'''

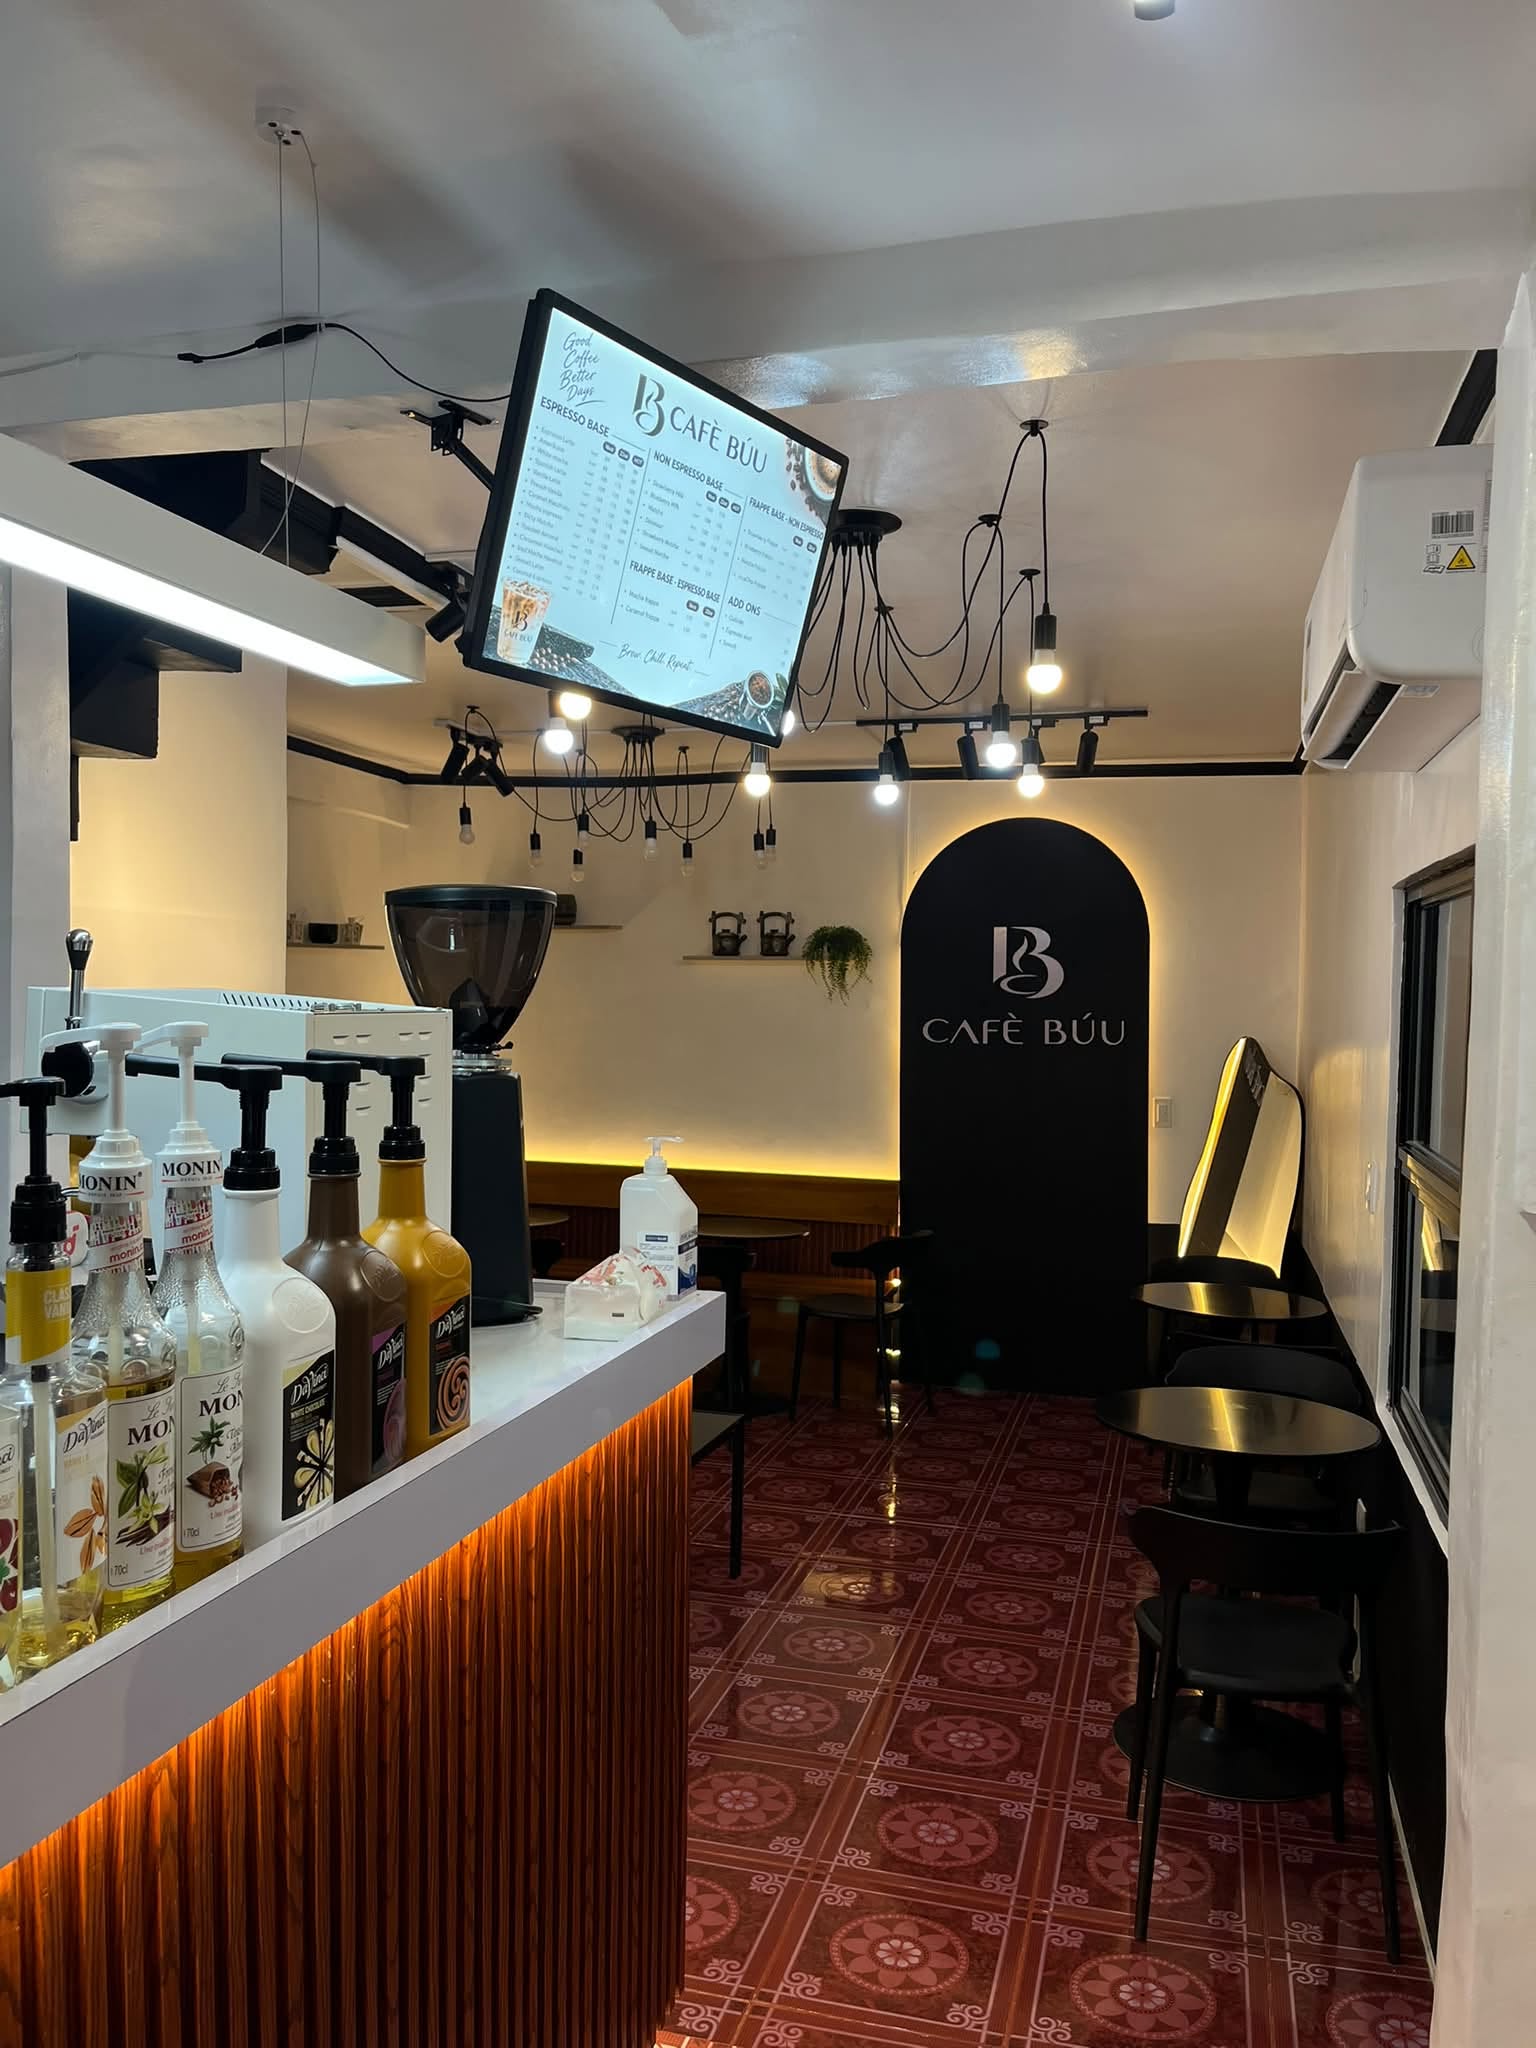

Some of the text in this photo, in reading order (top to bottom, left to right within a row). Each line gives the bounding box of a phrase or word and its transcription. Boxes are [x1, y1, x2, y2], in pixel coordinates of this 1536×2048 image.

[563, 332, 593, 351] Good
[564, 350, 599, 368] Coffee
[560, 369, 597, 390] Better
[567, 385, 594, 402] Days
[541, 397, 610, 437] ESPRESSO BASE
[670, 406, 767, 473] CAFÈ BÚU
[654, 450, 723, 491] NON ESPRESSO BASE
[749, 497, 771, 515] FRAPPE
[771, 508, 785, 522] BASE
[789, 516, 800, 529] NON
[800, 522, 824, 540] ESPRESSO
[630, 560, 656, 578] FRAPPE
[656, 570, 674, 585] BASE
[677, 579, 706, 597] ESPRESSO
[706, 590, 720, 603] BASE
[728, 596, 744, 609] ADD
[745, 602, 761, 616] ONS
[922, 1012, 1125, 1046] CAFÈ BÚU
[290, 1362, 329, 1406] DaVinci
[63, 1408, 106, 1454] DaVinci

'''

[Instructions to follow] Exactly as written, copy out the listing, but without any pictures.

[Problem solution]
Some of the text in this photo, in reading order (top to bottom, left to right within a row). Each line gives the bounding box of a phrase or word and its transcription. Boxes are [x1, y1, x2, y2], in pixel coordinates of this 1536×2048 image.

[563, 332, 593, 351] Good
[564, 350, 599, 368] Coffee
[560, 369, 597, 390] Better
[567, 385, 594, 402] Days
[541, 397, 610, 437] ESPRESSO BASE
[670, 406, 767, 473] CAFÈ BÚU
[654, 450, 723, 491] NON ESPRESSO BASE
[749, 497, 771, 515] FRAPPE
[771, 508, 785, 522] BASE
[789, 516, 800, 529] NON
[800, 522, 824, 540] ESPRESSO
[630, 560, 656, 578] FRAPPE
[656, 570, 674, 585] BASE
[677, 579, 706, 597] ESPRESSO
[706, 590, 720, 603] BASE
[728, 596, 744, 609] ADD
[745, 602, 761, 616] ONS
[922, 1012, 1125, 1046] CAFÈ BÚU
[290, 1362, 329, 1406] DaVinci
[63, 1408, 106, 1454] DaVinci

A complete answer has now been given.